In the graph representation, the 19 nodes are connected by edges, illustrating the shortest path between nodes. The nodes are labelled from 1 to 19. The image highlights the shortest path, taking into account the distances between nodes. Arrows and lines indicate the direction of the shortest path in the graph.
Based on Figure 8, this is the current shortest path for an unlimited number of pickings. The DP method produces results that are the shortest due to its flexibility in choosing paths. As part of the DP concept, the picker will follow the path that has already been organised in the warehouse. In this case, all impossible solutions can be eliminated. Furthermore, the problem is solved stage by stage. Figure 9 shows the suggested shortest path with a limited picking capacity of seven order pickers.

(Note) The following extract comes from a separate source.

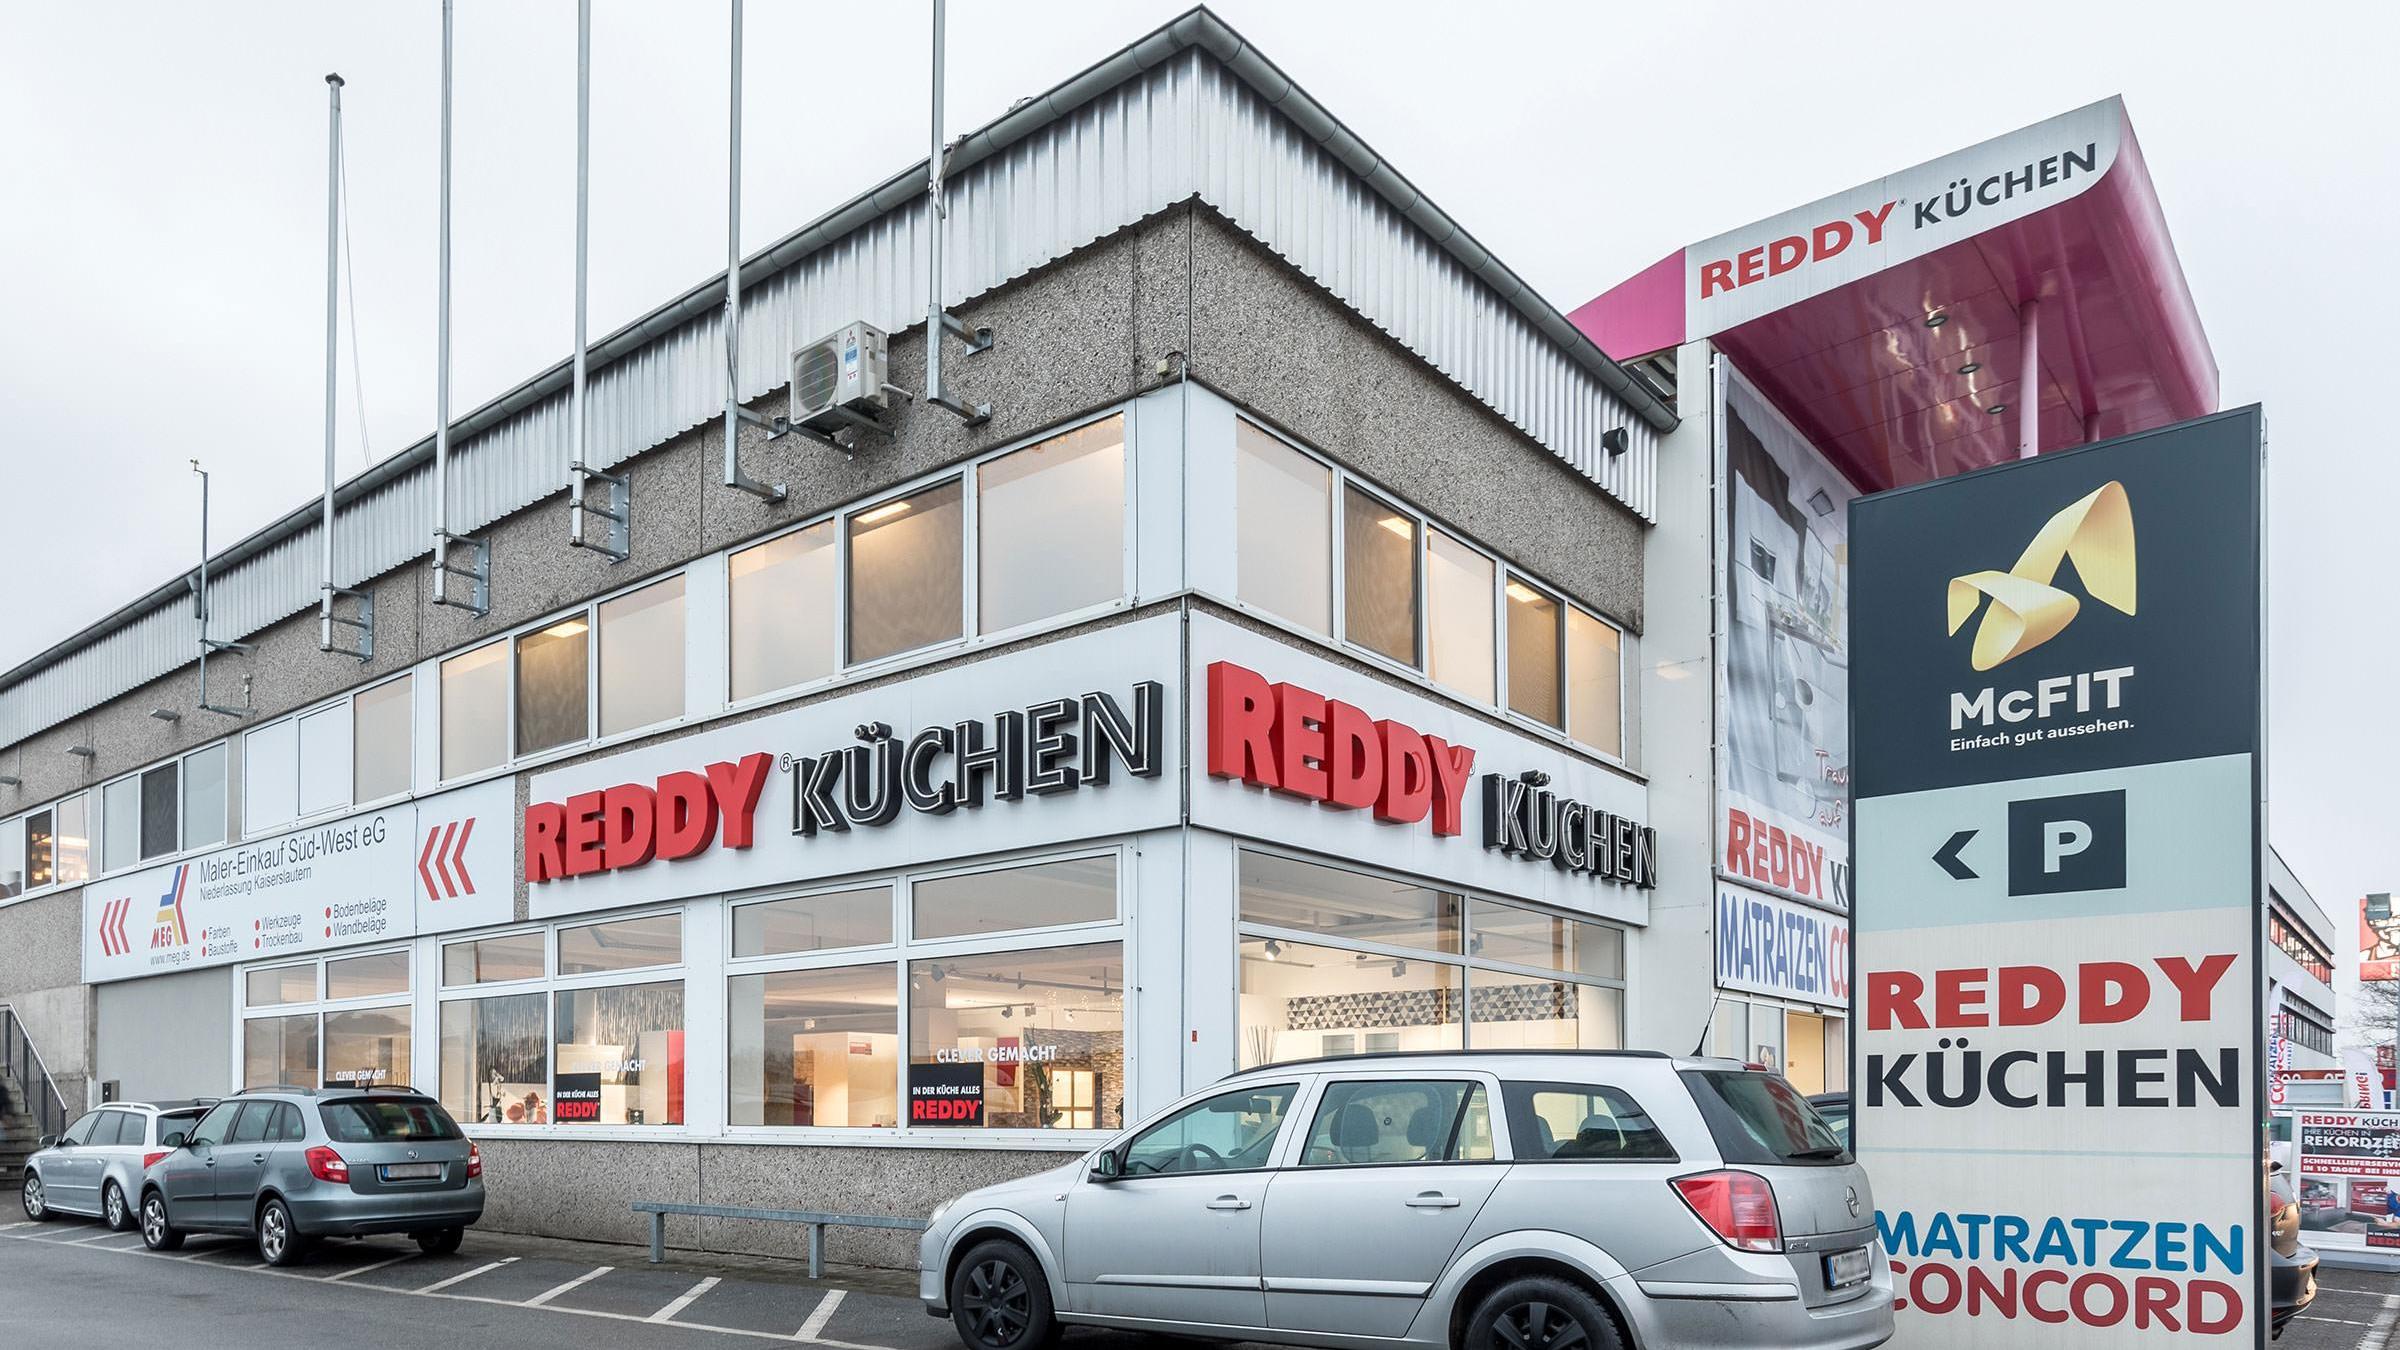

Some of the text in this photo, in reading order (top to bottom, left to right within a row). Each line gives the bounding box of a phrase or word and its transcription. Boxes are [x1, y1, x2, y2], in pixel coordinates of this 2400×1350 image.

4.3. Comparison Analysis between Floyd–Warshall and DP

In phase I, the Floyd–Warshall algorithm is run by using TORA while the DP model in phase II is solved by using MS Excel Solver. The total distance took a longer time by using the DP method; however, in phase I, the number of items to be picked by each picker was not considered in the algorithm. In Floyd–Warshall, the algorithm is only able to find the shortest distance. On the other hand, some pickers might have to pick more items than others. This may lead to dissatisfaction and may also demotivate the workers. For the DP method, an equal number of items are divided among pickers. On the other hand, the distance travelled for each picker is longer and they need to maintain their fitness to go through all the items.
Based on the shortest path assignments, the total number of travelling distances with respect to order pickers are obtained. The analysis between n = 9 and n = 19 is carried out to find out which method provides significant results. The percentage difference is calculated between the two methods and discussed. For smaller sized nodes, the percentage difference is larger with multiple pickers, indicating that Floyd–Warshall is more advantageous in these scenarios. The differences are minimal when there are fewer pickers, suggesting a similar performance for certain configurations. For instance, when n = 9 and five pickers are involved, the DP method performs slightly better than the DP. Nevertheless, for seven pickers, the difference is still minimal with 3.67%, but the Floyd–Warshall algorithm performs slightly better. Despite that, the results are varied when n = 19. Floyd–Warshall often shows a significant advantage, but in scenarios with four to six pickers, the differences are minimal, indicating that the performance gap narrows as the problem size increases. In most cases, when the number of pickers is small (from one to three pickers), the Floyd–Warshall algorithm shows a notable advantage over the DP method.
As in the DP method, the results obtained when the nodes are small are significant between the number of pickers and the travelling distance. The higher the number of pickers, the shorter the travel distance and path for the pickers. The optimum number of pickers for n = 9 is six with a distance travelled of only 8942.32 m. However, when n = 19, in the DP method, the results are quite the opposite. It can be concluded that the more pickers there are, the more likely it is to have an increase in the distance travelled. This is explained by the route taken by each picker during the collection when equal items are assigned to each picker. Since the number of items to be picked are equal, some pickers need to travel far from one node to the other. Whereas, when there is only one picker, the picker can move from one node to the other consecutively, making it a more comfortable and smoother journey for the picker. Table 5 shows the percentage difference obtained.
On the other hand, the results obtained from the Floyd–Warshall algorithm look more compromising. This may be because the algorithm focuses solely on determining the shortest path between every pair of nodes in a graph. This involves systematically evaluating paths between all pairs of nodes and updating the path as it discovers shorter routes. However, the algorithm does not consider additional constraints or specific problem requirements, such as the number of items to be picked. Its main objective is to provide the shortest distances between nodes, without considering constraints that may affect the route selection. The manufacturing company may choose to adapt any of the methods accordingly to suit their needs and to match the scenario of the warehouse.
In summary, the Floyd–Warshall algorithm generally outperforms the DP method in terms of total distance, with a greater advantage in smaller node sets and complexity in order-picking arrangements. However, as the problem size increases, the difference in performance between the two methods reduces, with the DP method and Floyd–Warshall showing more comparable results in certain scenarios.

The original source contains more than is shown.